[Records from a data collection]
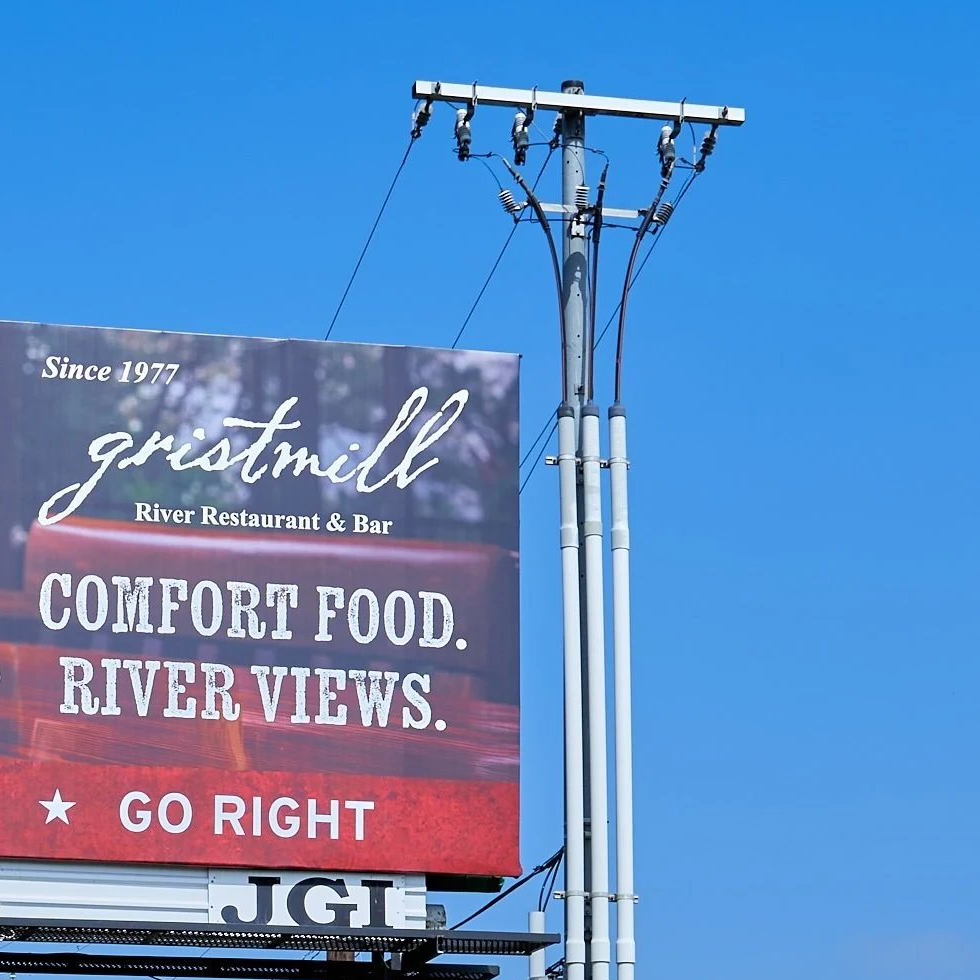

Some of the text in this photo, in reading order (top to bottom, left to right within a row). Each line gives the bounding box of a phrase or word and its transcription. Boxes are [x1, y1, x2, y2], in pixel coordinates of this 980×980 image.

[41, 355, 180, 386] Since 1977
[36, 386, 469, 526] gristmill
[134, 502, 393, 535] River Restaurant & Bar
[38, 572, 468, 651] COMFORT FOOD.
[59, 656, 447, 732] RIVER VIEWS.
[119, 790, 193, 834] GO
[214, 794, 376, 841] RIGHT
[220, 875, 394, 928] JGI
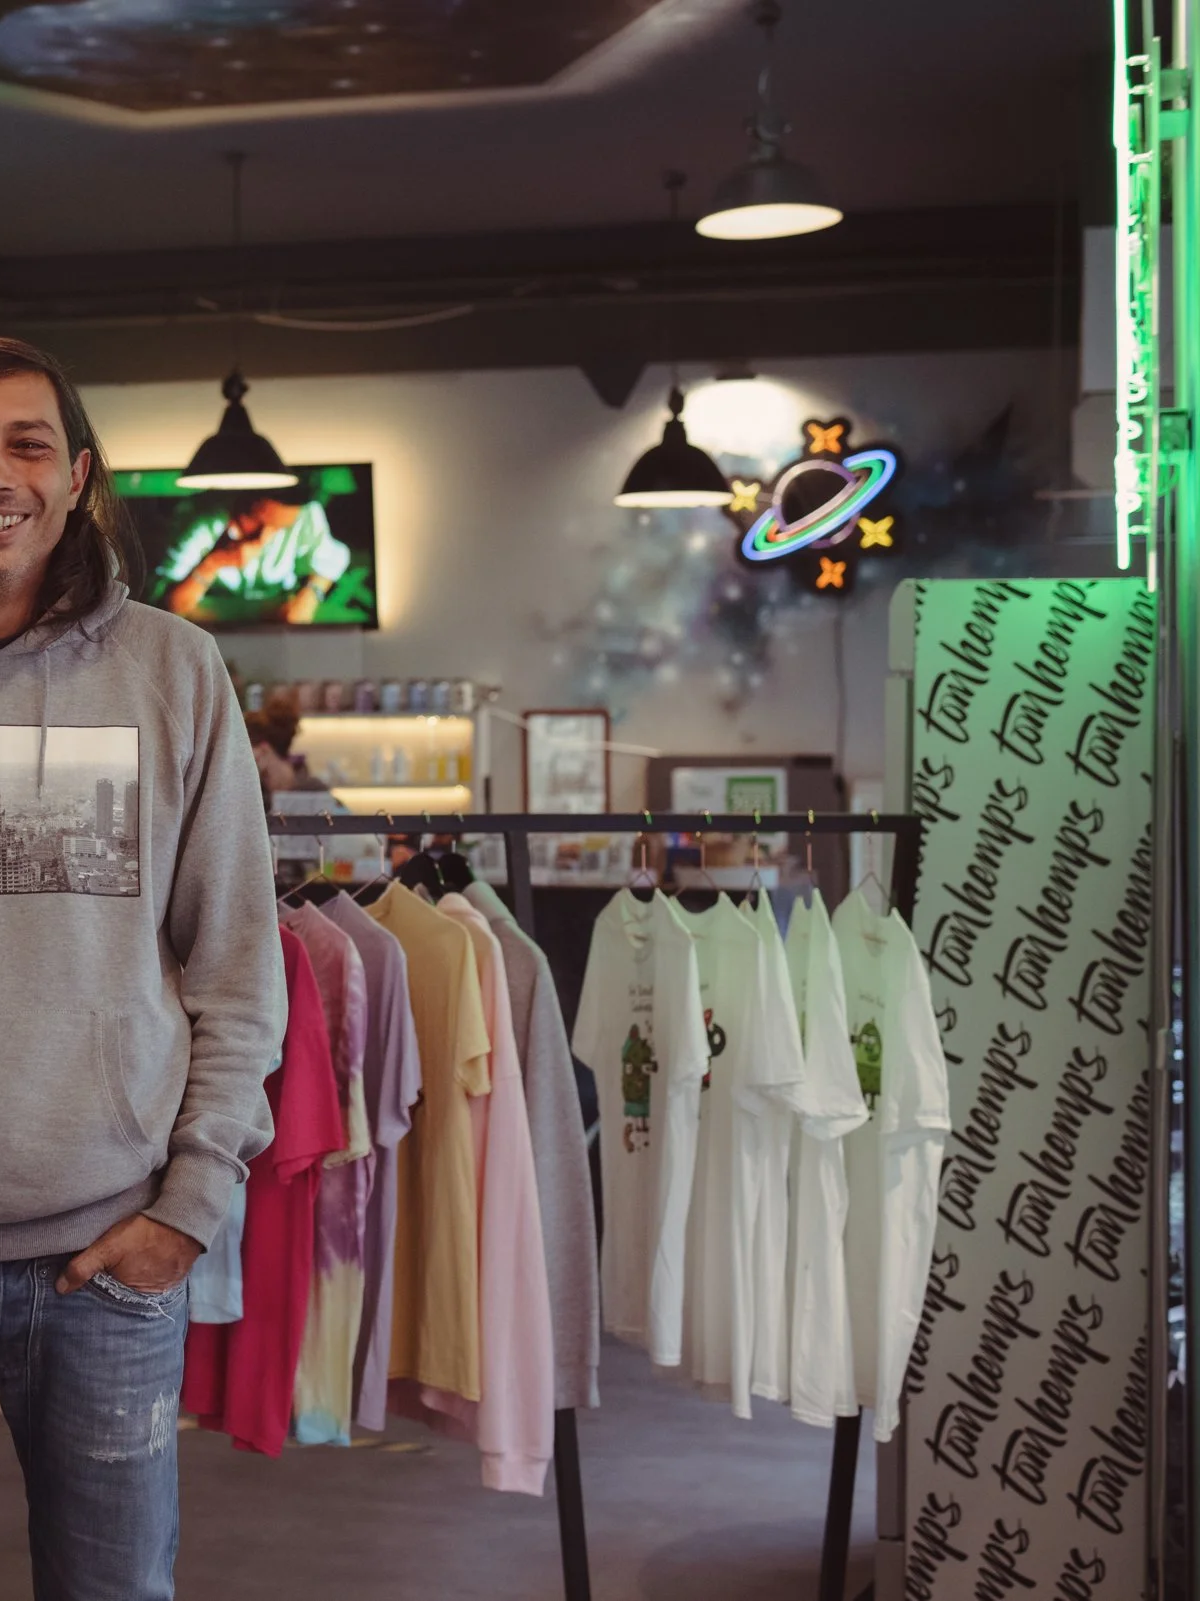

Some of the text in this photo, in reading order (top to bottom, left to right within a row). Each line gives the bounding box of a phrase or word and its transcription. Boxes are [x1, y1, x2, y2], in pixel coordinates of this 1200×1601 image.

[993, 799, 1111, 1011] tomhemp's
[924, 1269, 1042, 1480] tomhemp's
[996, 1046, 1114, 1257] tomhemp's
[991, 1293, 1111, 1506] tomhemp's
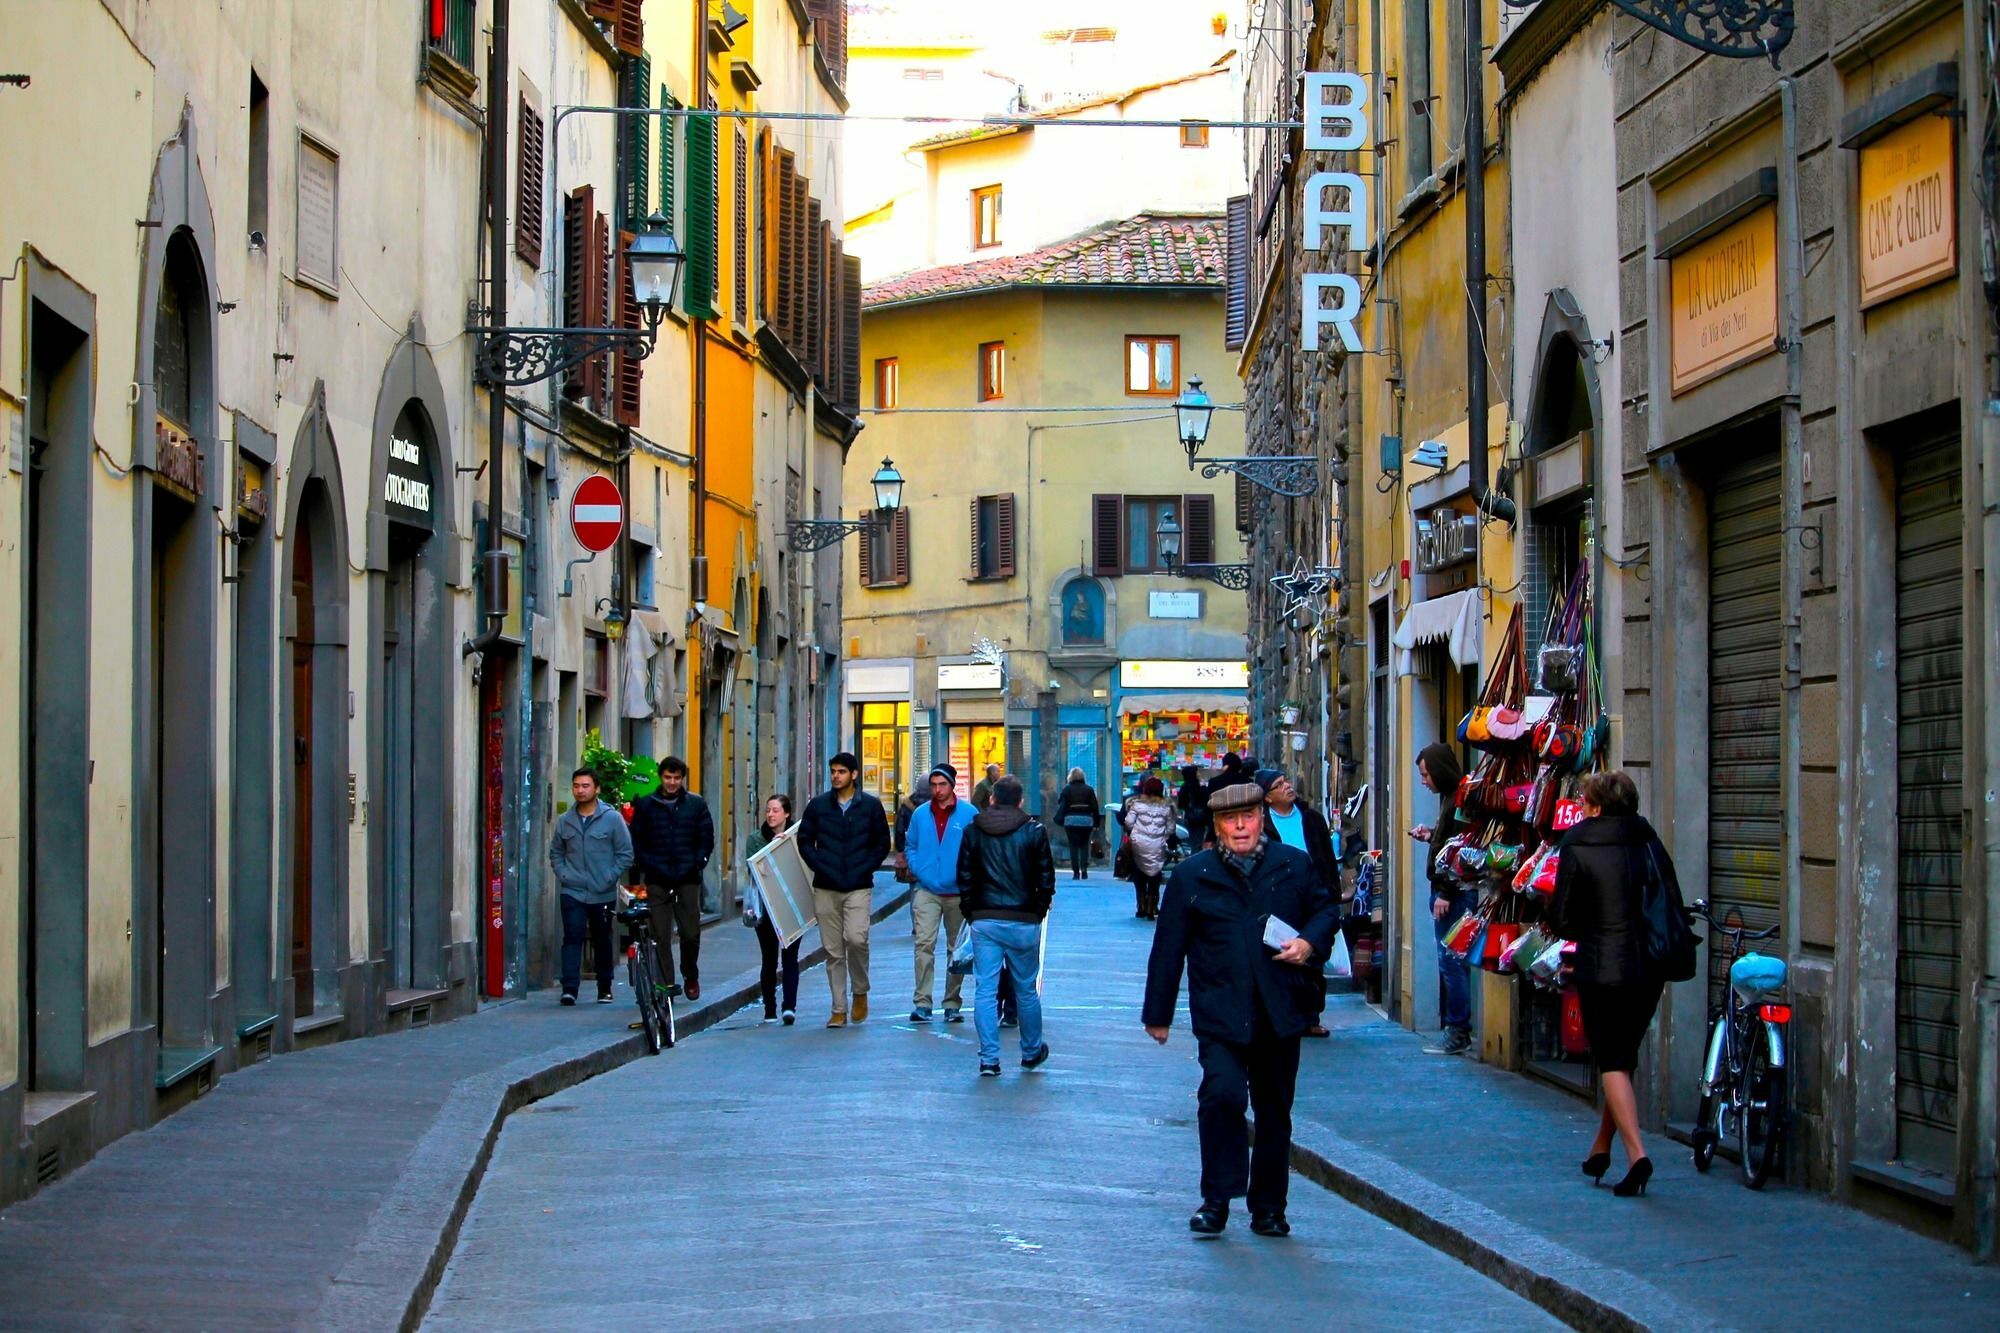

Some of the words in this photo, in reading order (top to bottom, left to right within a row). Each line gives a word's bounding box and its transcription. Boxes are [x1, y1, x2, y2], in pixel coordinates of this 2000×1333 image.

● REQUIRED WORK: Starting at the line that contains "this 1200×1601 image.", output every line through the end of the data, both ends included, and nothing else; pictures stay out.

● YOUR SOLUTION:
Some of the text in this photo, in reading order (top to bottom, left to right within a row). Each line gives the bounding box of a phrase or word and its transcription. Boxes are [x1, y1, x2, y2], in pixel coordinates of this 1200×1601 image.

[993, 799, 1111, 1011] tomhemp's
[924, 1269, 1042, 1480] tomhemp's
[996, 1046, 1114, 1257] tomhemp's
[991, 1293, 1111, 1506] tomhemp's

Some of the words in this photo, in reading order (top to bottom, left to right within a row). Each line gives a word's bounding box and its transcription. Boxes are [x1, y1, x2, y2], in pixel coordinates of this 2000×1333 image.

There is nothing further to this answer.